TASK DATA START
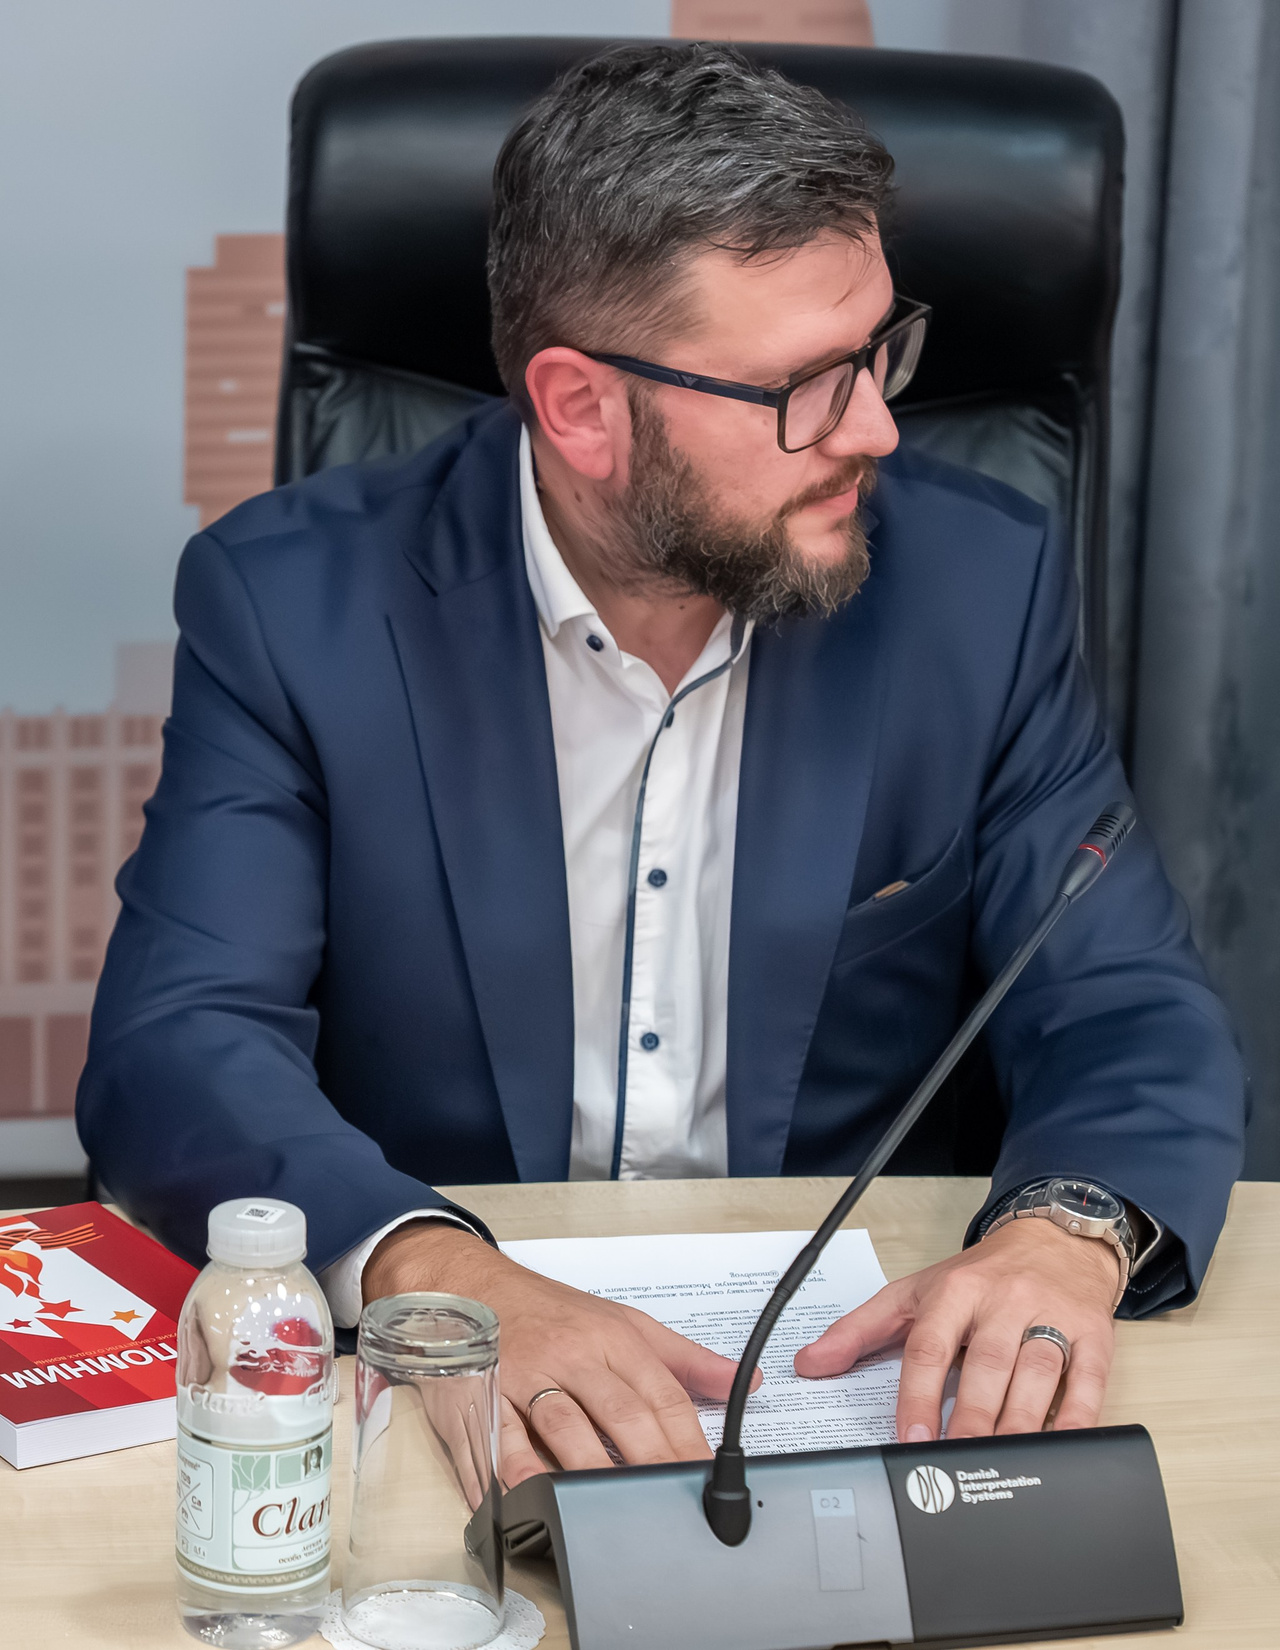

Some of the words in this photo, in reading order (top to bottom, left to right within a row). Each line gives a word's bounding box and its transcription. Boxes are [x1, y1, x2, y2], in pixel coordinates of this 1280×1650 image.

[730, 1270, 779, 1278] @mosobvog
[656, 1283, 711, 1291] Московского
[106, 1337, 155, 1352] СВИДЕТЕЛИ
[34, 1355, 67, 1364] ВОЙНЫ
[69, 1350, 96, 1359] ГОДАХ
[0, 1342, 177, 1389] ПОМНИМ
[955, 1468, 1000, 1482] Danish
[958, 1475, 1042, 1493] Interpretation
[961, 1489, 1014, 1505] Systems
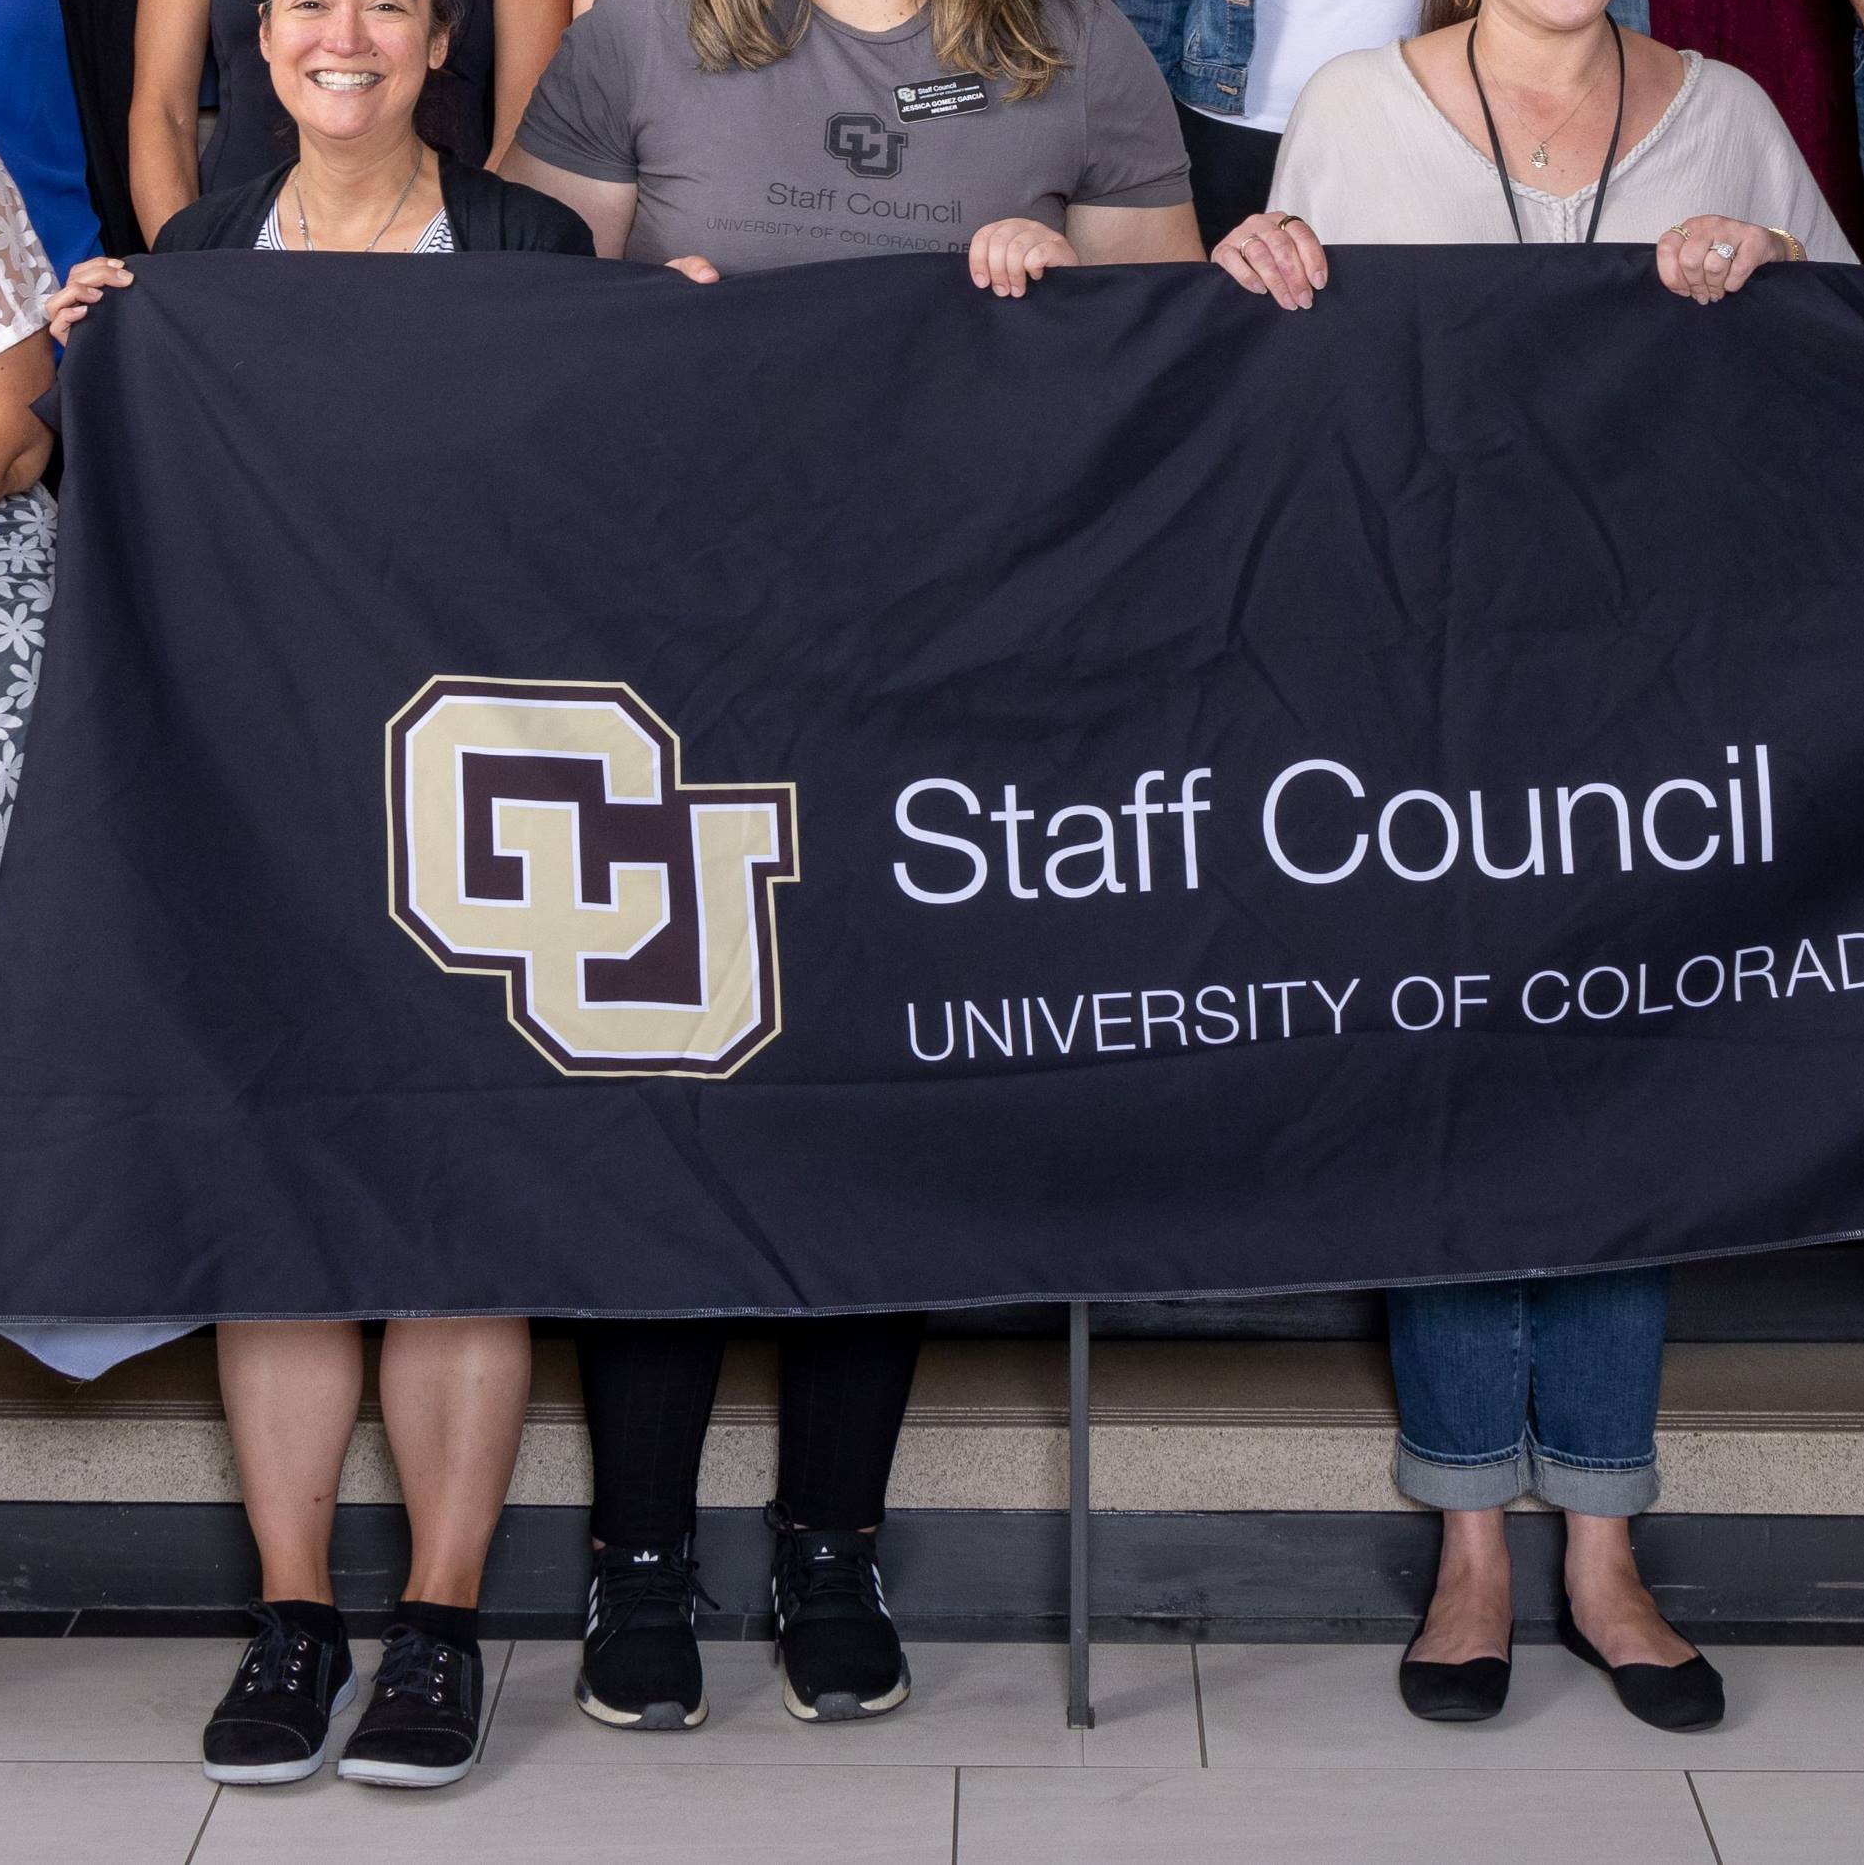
TASK DATA END
EXERCISE OBJECTIVE:
Return all the data exactly, pictures omitted.

RESPONSE BELOW:
Some of the words in this photo, in reading order (top to bottom, left to right within a row). Each line gives a word's bounding box and its transcription. Boxes are [x1, y1, x2, y2], in pixel coordinates of this 1280×1650 image.

[730, 1270, 779, 1278] @mosobvog
[656, 1283, 711, 1291] Московского
[106, 1337, 155, 1352] СВИДЕТЕЛИ
[34, 1355, 67, 1364] ВОЙНЫ
[69, 1350, 96, 1359] ГОДАХ
[0, 1342, 177, 1389] ПОМНИМ
[955, 1468, 1000, 1482] Danish
[958, 1475, 1042, 1493] Interpretation
[961, 1489, 1014, 1505] Systems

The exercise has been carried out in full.